▸ Exercise instructions
Write the entries out again in full and unchanged, dropping every image.

[Dataset records]
*** Block opens ***

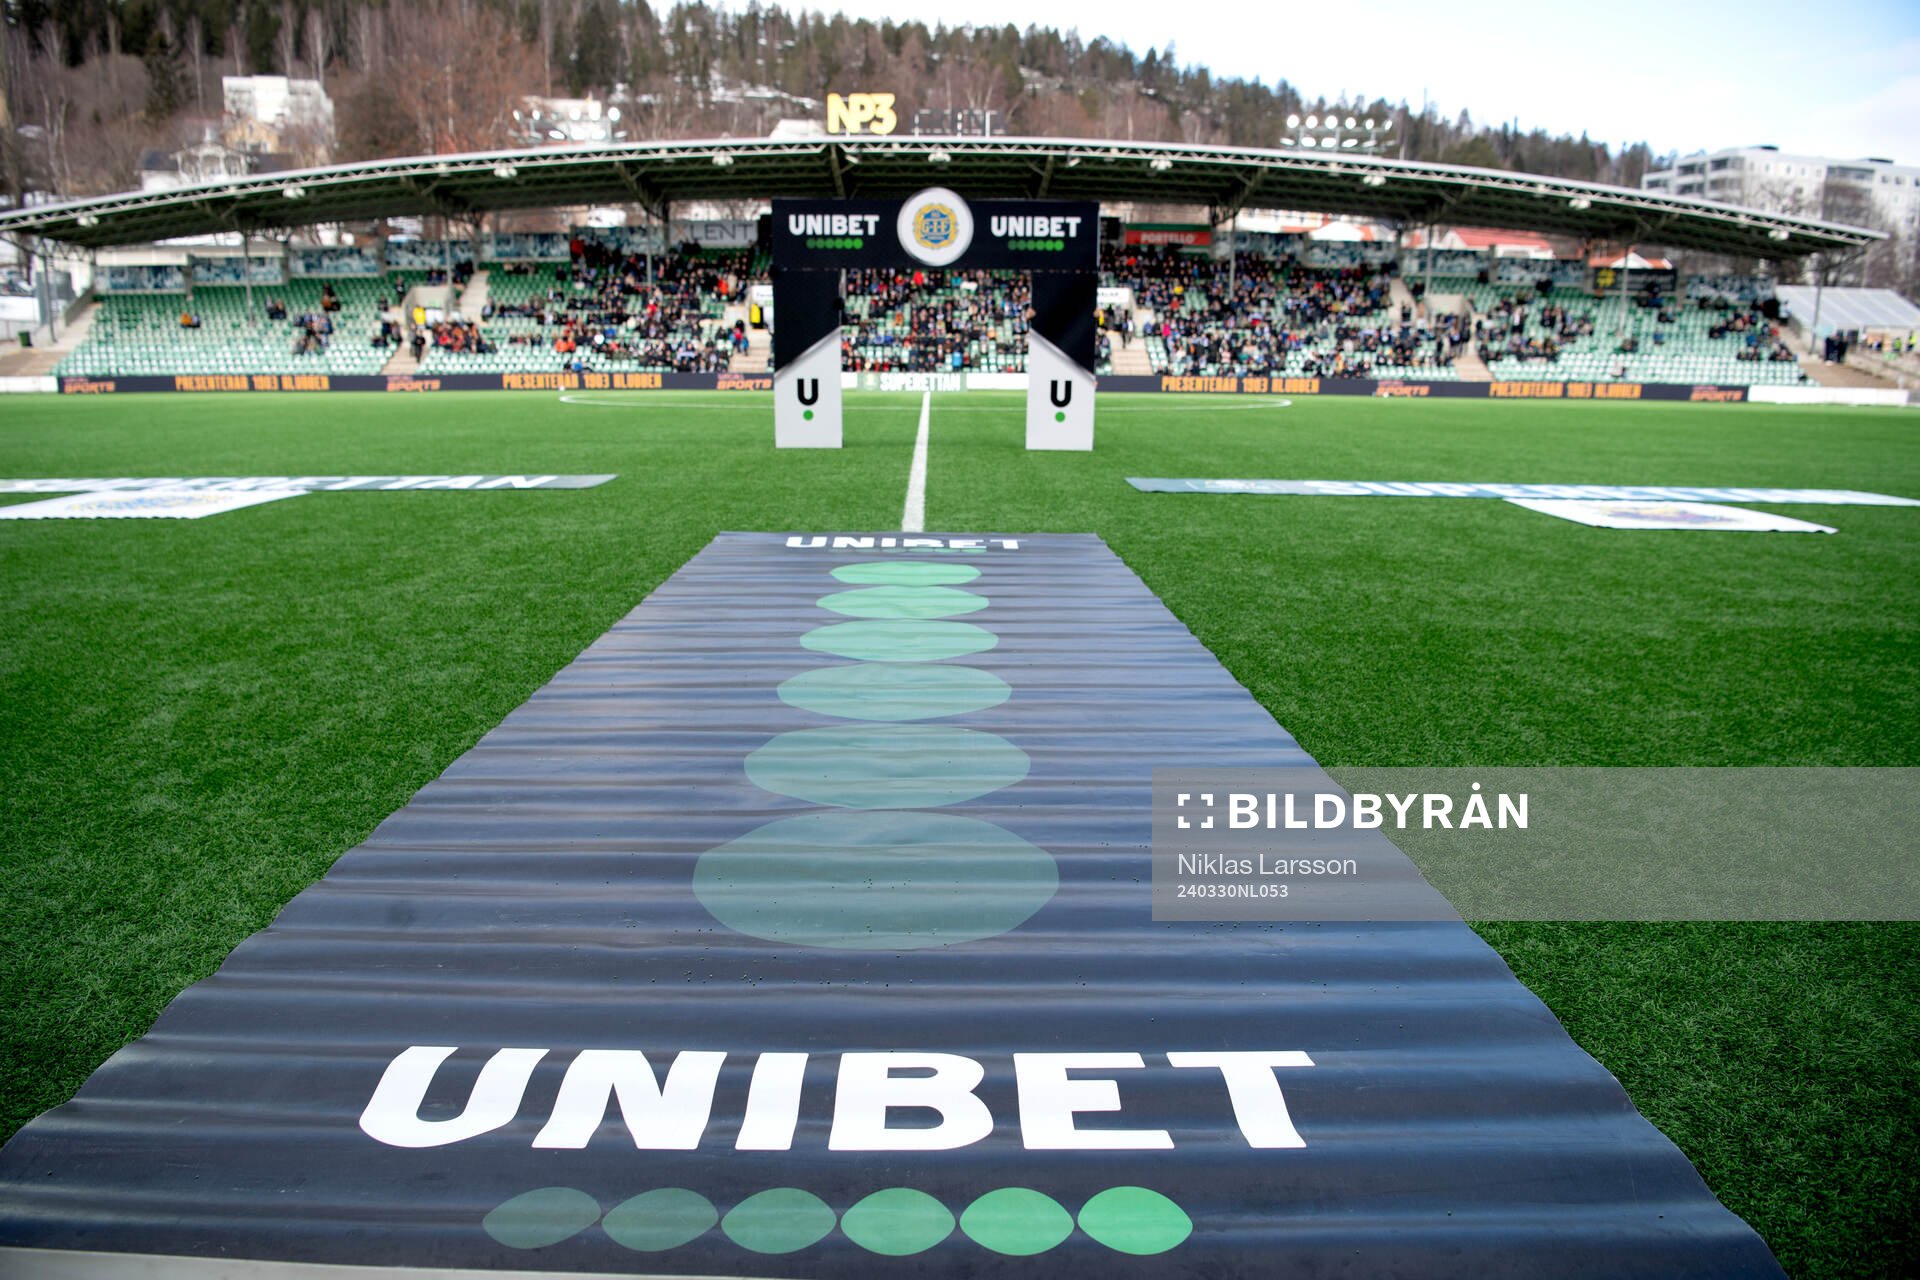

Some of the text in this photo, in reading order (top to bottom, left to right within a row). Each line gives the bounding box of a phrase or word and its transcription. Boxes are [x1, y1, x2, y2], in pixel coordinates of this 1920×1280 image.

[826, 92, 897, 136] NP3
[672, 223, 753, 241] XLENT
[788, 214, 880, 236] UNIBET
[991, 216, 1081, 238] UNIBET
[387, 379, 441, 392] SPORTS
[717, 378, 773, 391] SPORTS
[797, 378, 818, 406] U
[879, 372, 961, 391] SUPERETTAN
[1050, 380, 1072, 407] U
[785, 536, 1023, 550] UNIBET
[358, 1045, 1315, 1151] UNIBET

*** Block closes ***

▸ Result of the task
Some of the text in this photo, in reading order (top to bottom, left to right within a row). Each line gives the bounding box of a phrase or word and its transcription. Boxes are [x1, y1, x2, y2], in pixel coordinates of this 1920×1280 image.

[826, 92, 897, 136] NP3
[672, 223, 753, 241] XLENT
[788, 214, 880, 236] UNIBET
[991, 216, 1081, 238] UNIBET
[387, 379, 441, 392] SPORTS
[717, 378, 773, 391] SPORTS
[797, 378, 818, 406] U
[879, 372, 961, 391] SUPERETTAN
[1050, 380, 1072, 407] U
[785, 536, 1023, 550] UNIBET
[358, 1045, 1315, 1151] UNIBET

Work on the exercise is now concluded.